An analysis of a dozen studies suggest that the PP will win between 6.7 and 7.3 million votes, followed by Unidos Podemos (between 5.5 and 6.2 million), the Socialists (between 4.7 and 5.4 million) and Ciudadanos (between 3 and 3.7 million).

Marcos Sanz, an analyst at polling firm Metroscopia, says that June 26 has come at a moment that the Italian philosopher and politician Antonio Gramsci defined back in 1937 as a time when “the old is dying and the new cannot be born; in this interregnum, morbid phenomena of the most varied kind come to pass.”

Numerically, the most likely coalition would be one between the PSOE and Unidos Podemos, but Juan Jesús González, who teaches at the distance university UNED, says it would be the most difficult alliance of all. That is why “we cannot rule out a third election.”

Here is what the main parties are saying ahead of Sunday.

The PP hangs tight

Safe in the knowledge that polls are on its side, the PP is hanging tight despite the late-breaking scandal affecting acting interior minister Jorge Fernández Díaz and allegations that he tried to launch criminal investigations against Catalan politicians who support sovereignty.

Mariano Rajoy is sitting tight and warning voters not to let Iglesias into La Moncloa.
Mariano Rajoy is sitting tight and warning voters not to let Iglesias into La Moncloa.Javier Cebollada (EFE)

“That’s a story that’s going to have no effect,” said acting prime minister Mariano Rajoy. Privately, party leaders even insinuated that their results elsewhere in Spain might benefit from the allegations that the PP was trying to be tough on Catalan separatists.
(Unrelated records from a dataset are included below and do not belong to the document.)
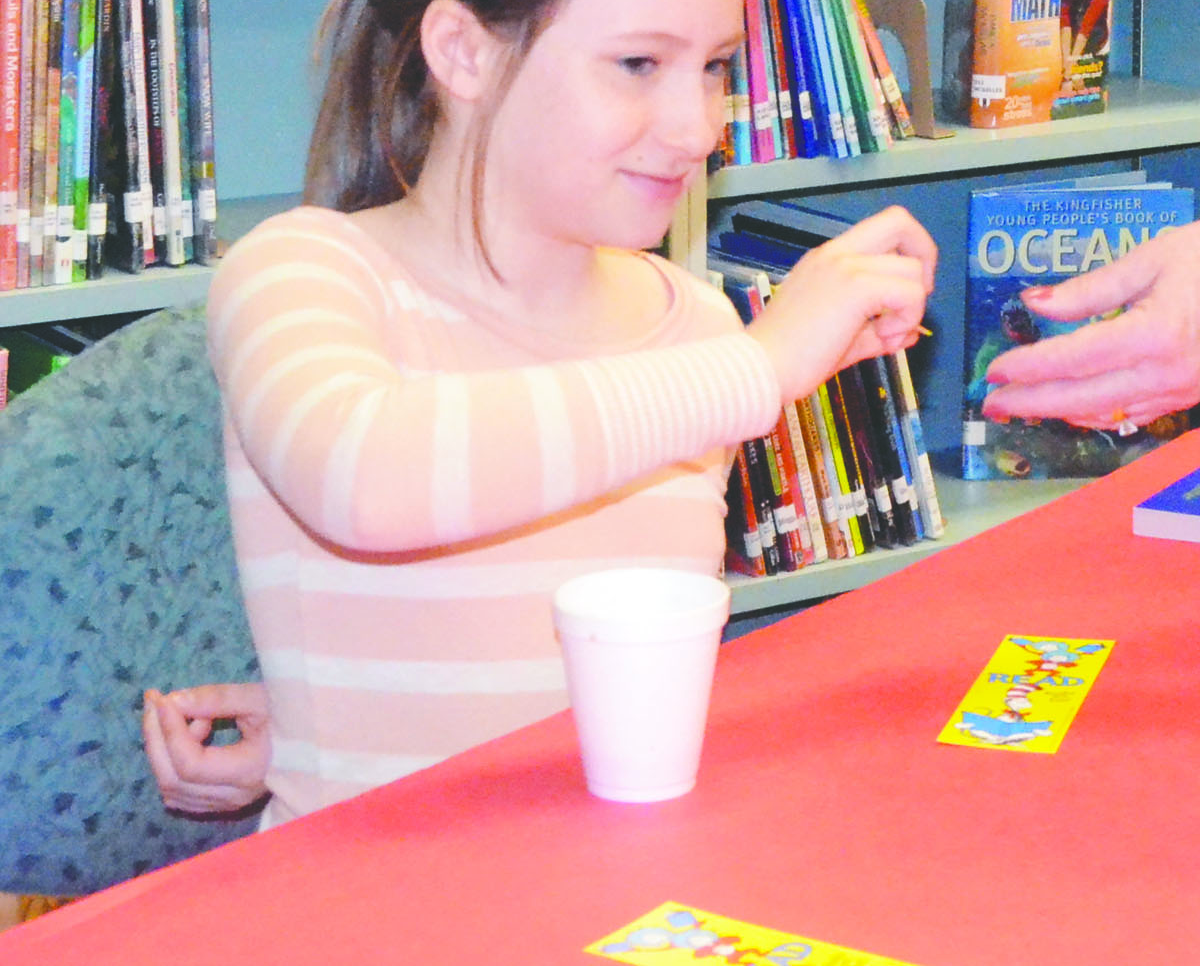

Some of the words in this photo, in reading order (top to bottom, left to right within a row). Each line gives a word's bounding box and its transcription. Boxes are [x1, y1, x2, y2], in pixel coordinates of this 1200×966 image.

[8, 22, 18, 52] and
[5, 55, 18, 131] Monsters
[1024, 200, 1051, 211] THE
[1056, 198, 1142, 211] KINGFISHER
[987, 214, 1036, 226] YOUNG
[1042, 213, 1109, 225] PEOPLE'S
[1115, 212, 1154, 224] BOOK
[1159, 211, 1178, 222] OF
[977, 226, 1180, 275] OCEAN
[988, 672, 1086, 687] READ
But Rajoy is choosing to focus the fight on Ciudadanos, whom he sees as his greatest rival at the polls. On Thursday, he visited rural Spain again and said that Ciudadanos leader Albert Rivera never sets foot in the countryside and does not represent its interests.
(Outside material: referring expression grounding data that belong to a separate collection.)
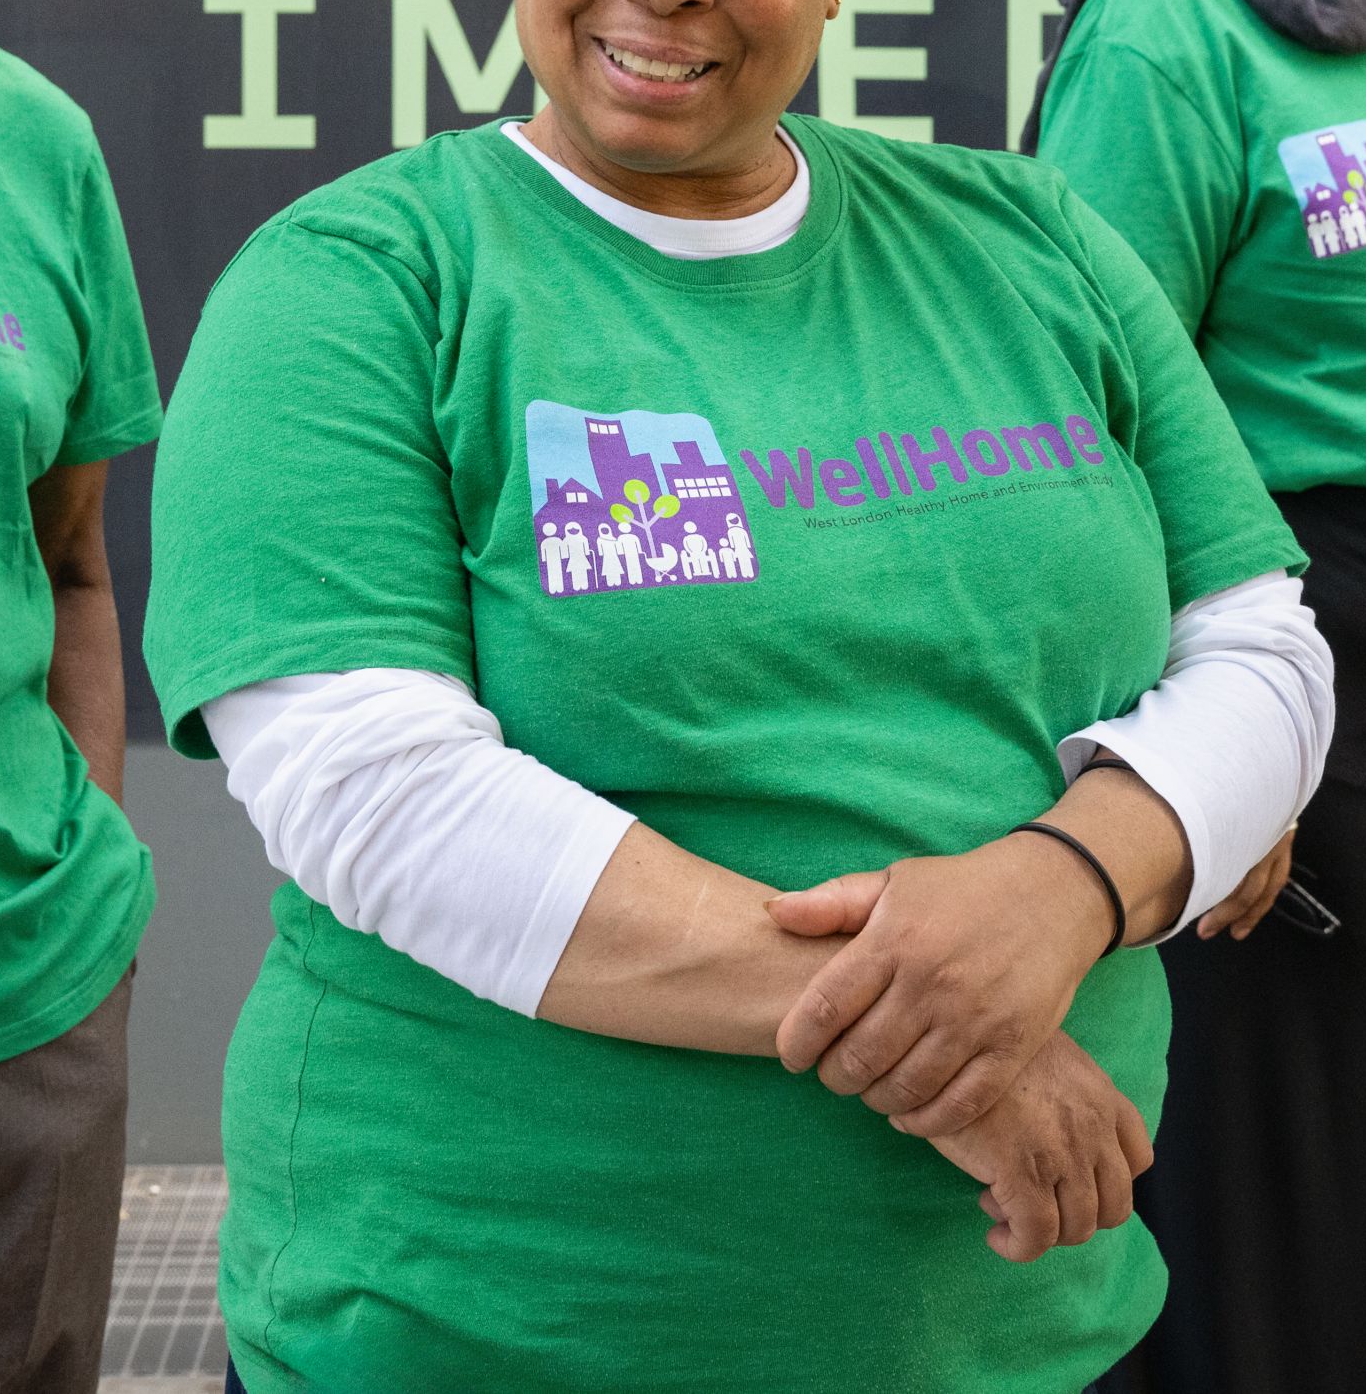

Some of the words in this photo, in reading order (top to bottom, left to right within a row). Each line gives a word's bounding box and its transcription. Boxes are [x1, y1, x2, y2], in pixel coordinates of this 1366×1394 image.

[739, 414, 1104, 510] WellHome
[803, 517, 838, 529] West
[841, 510, 893, 527] London
[896, 501, 946, 517] Healthy
[948, 491, 989, 506] Home
[993, 483, 1017, 498] and
[1019, 476, 1091, 494] Environment
[1090, 472, 1114, 488] Study
“Let’s not divide our strength,” says one of two PP videos released on Thursday to win back disaffected voters who cast their ballots for Ciudadanos in December. The main goal, says the video, is preventing “an extremist, radical government” headed by Unidos Podemos. “This Sunday, let’s not divide the moderate vote...or Pablo Iglesias could reach La Moncloa.”

Statistics suggest that around 10% of PP voters have switched to Ciudadanos instead, and that the exact same percentage of PSOE voters have also changed to the emerging party advocating government reform.

Socialists, unite

Meanwhile, the Socialists have been issuing a similar call, calling on all progressives and reformists to vote for the PSOE. Former statesman Felipe González, Spain’s longest-serving prime minister, put the finishing touch on the Socialist campaign race, warning against Podemos at a rally in Villaverde, in southern Madrid.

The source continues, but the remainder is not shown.